Такое мироощущение стало предметом изображения в лирике раннего Батюшкова, но, конечно, этим наивным гедонизмом не ограничивался его внутренний мир. Хоть поэт и призывал «писать, как жить, и жить, как писать», но на практике он был глубже и серьезней. Едва ли «повеса и шалун», каким изображал себя поэт, мог отправиться добровольцем на первую войну с Наполеоном, проявить немалый героизм и получить серьезное ранение (а именно это и произошло с Батюшковым). Он сам несколько позже свидетельствовал о противоречивости собственной личности, о той духовной борьбе, которая совершается в глубине его сознания. «Сегодня беспечен, ветрен, как дитя, – писал о себе в дневниковой заметке поэт, – посмотришь, завтра – ударился в мысли, в религию и стал мрачнее инока… В нем два человека. Один добр, прост, весел, услужлив, богобоязлив… Другой человек… злой, коварный, завистливый, иногда корыстолюбивый, но редко… Три дня он думает о добре, желает делать доброе дело – вдруг недостанет терпения, – на четвертый он делается зол, неблагодарен; тогда не смотрите на профиль его! Он умеет говорить очень колко; пишет иногда очень остро на счет ближнего. Но тот человек, то есть добрый, любит людей и горестно плачет над эпиграммами черного человека. Белый человек спасает черного слезами перед Творцом, слезами живого раскаяния и добрыми поступками перед людьми»[53].
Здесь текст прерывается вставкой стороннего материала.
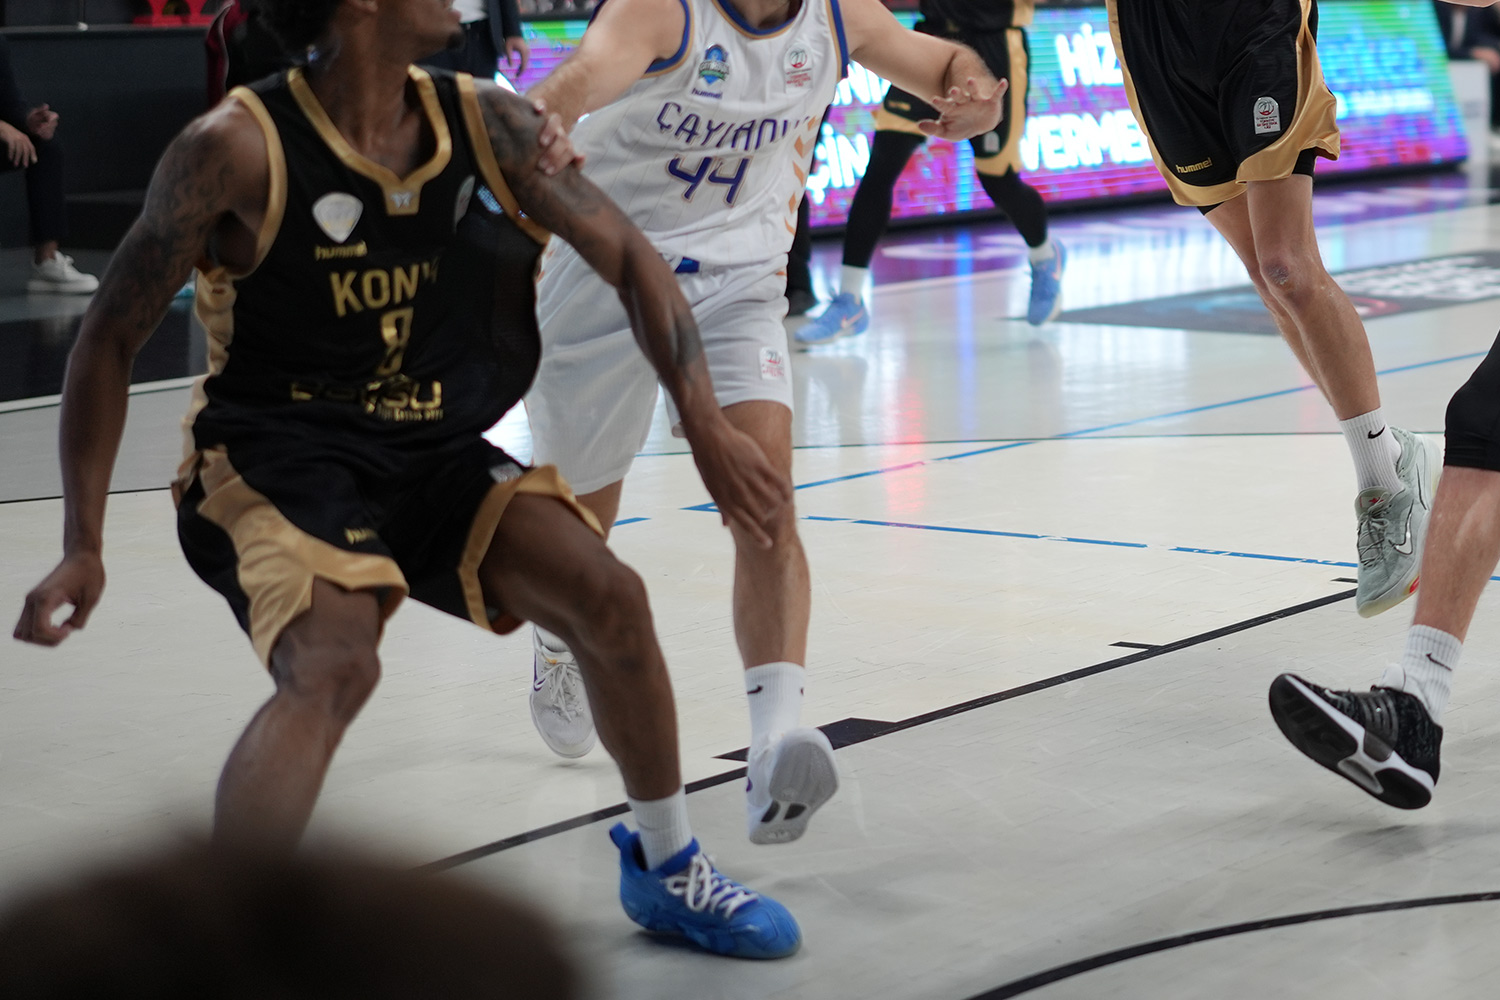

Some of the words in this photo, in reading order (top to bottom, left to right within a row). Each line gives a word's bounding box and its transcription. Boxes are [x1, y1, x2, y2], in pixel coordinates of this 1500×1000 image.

События 1812 года разбудили в Батюшкове и его поэзии более серьезную и возвышенную половину, того белого человека, который соперничал в его душе с черным. Поэт не сразу принял участие в новых военных действиях против Наполеона. Летом 1812 года он продолжал лечиться от последствий ранения, полученного в первой антинаполеоновской кампании. Кроме того, на нем лежала забота о больной вдове его родственника и благодетеля Муравьева. Вместе с ней он находился в Москве, когда враг приближался к древней русской столице. Батюшков стал свидетелем того варварского кощунства, с которым враги относились к русским святыням. У него, как и у многих русских людей, начинается переосмысление отношения к западной культуре и европейскому просвещению. «Святыни, мирное убежище наук, – писал Батюшков, – все осквернено шайкой варваров! Вот плоды просвещения или, лучше сказать, разврата остроумнейшего из народов… Сколько зла!»[54] «Варвары! Вандалы! – восклицал он в другом месте. – И этот народ извергов осмелился говорить о свободе, о философии, о человеколюбии. И мы до того были ослеплены, что подражали им, как обезьяны»[55].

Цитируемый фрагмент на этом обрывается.